→ What to work on
With the pictures left out, repeat every entry that follows exactly.

-- Opening Marker --

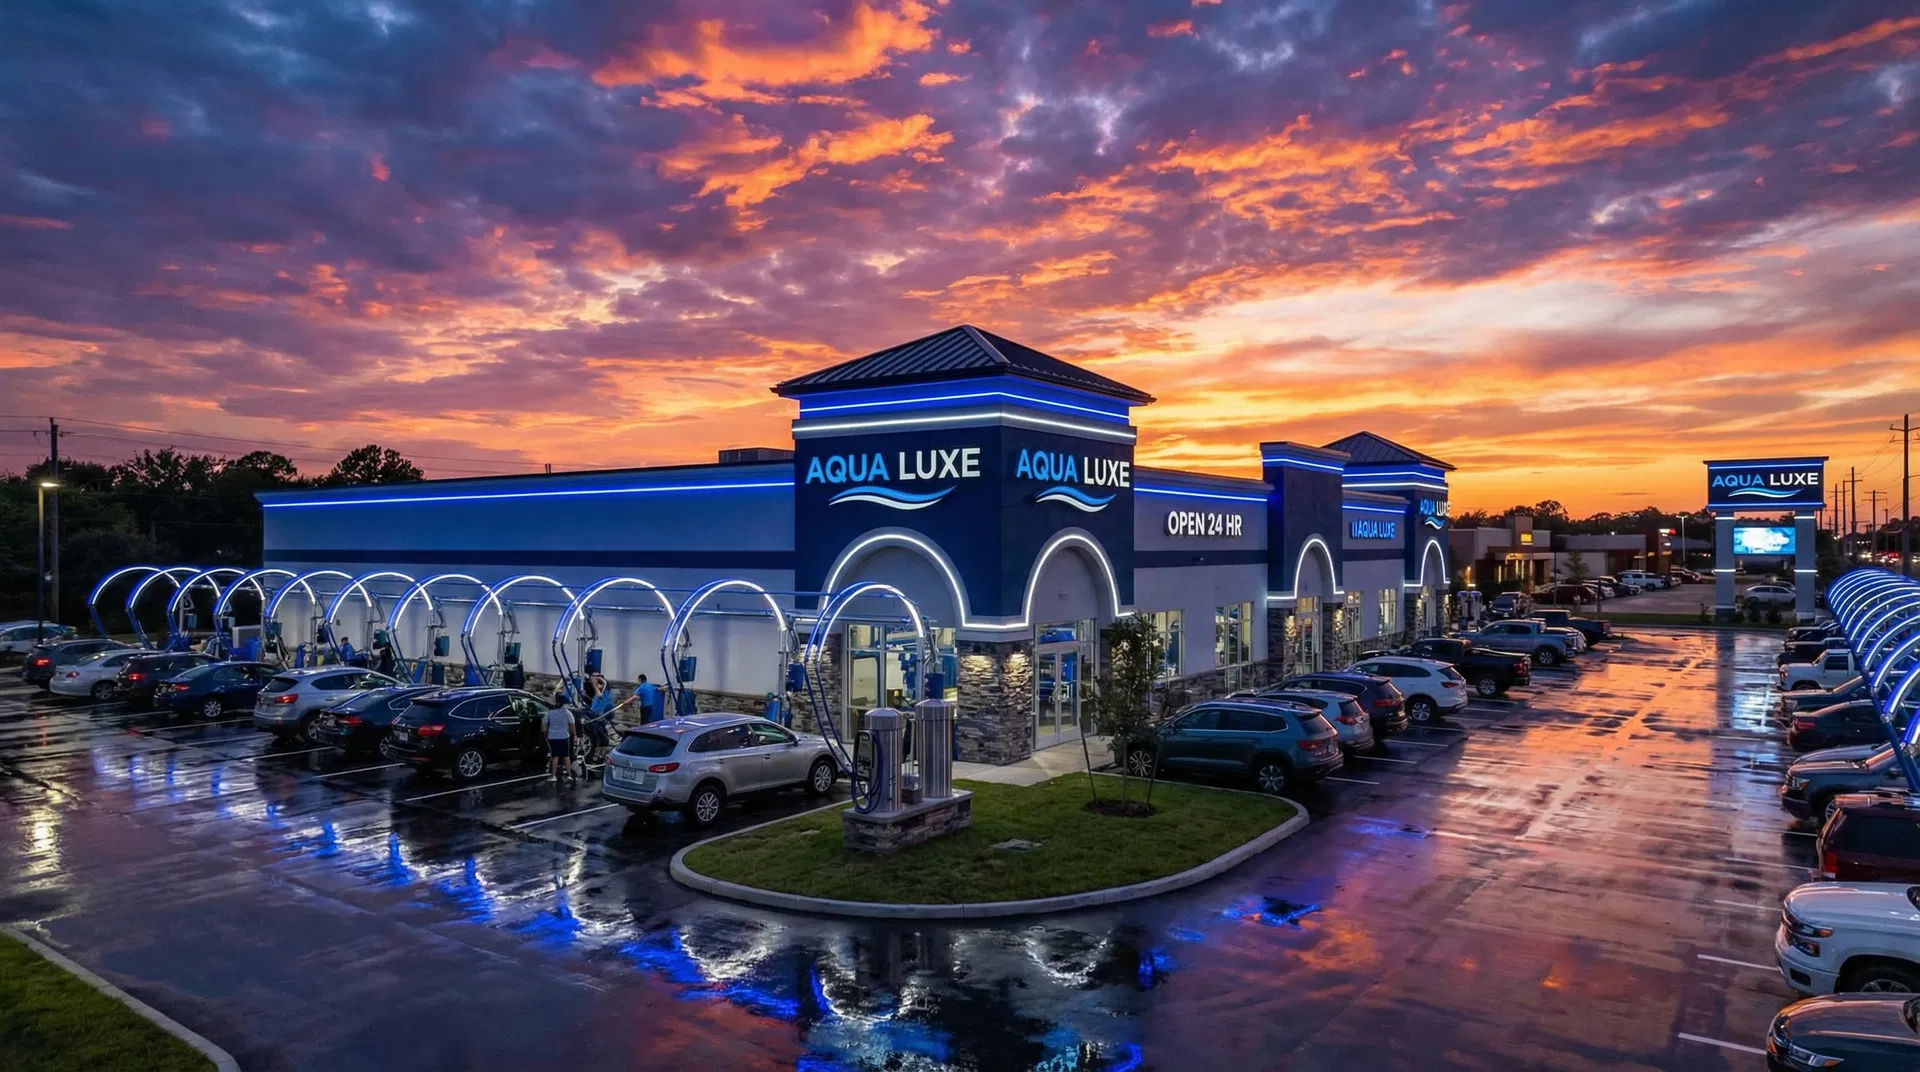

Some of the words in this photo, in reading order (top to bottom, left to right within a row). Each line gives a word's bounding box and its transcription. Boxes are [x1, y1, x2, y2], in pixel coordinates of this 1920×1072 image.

[806, 453, 890, 484] AQUA
[899, 448, 981, 483] LUXE
[1016, 449, 1079, 482] AQUA
[1083, 457, 1131, 487] LUXE
[1712, 473, 1765, 488] AQUA
[1769, 472, 1819, 486] LUXE
[1167, 510, 1205, 536] OPEN
[1207, 512, 1223, 536] 24
[1225, 514, 1242, 536] HR

-- Closing Marker --

→ Exercise response
Some of the words in this photo, in reading order (top to bottom, left to right within a row). Each line gives a word's bounding box and its transcription. Boxes are [x1, y1, x2, y2], in pixel coordinates of this 1920×1072 image.

[806, 453, 890, 484] AQUA
[899, 448, 981, 483] LUXE
[1016, 449, 1079, 482] AQUA
[1083, 457, 1131, 487] LUXE
[1712, 473, 1765, 488] AQUA
[1769, 472, 1819, 486] LUXE
[1167, 510, 1205, 536] OPEN
[1207, 512, 1223, 536] 24
[1225, 514, 1242, 536] HR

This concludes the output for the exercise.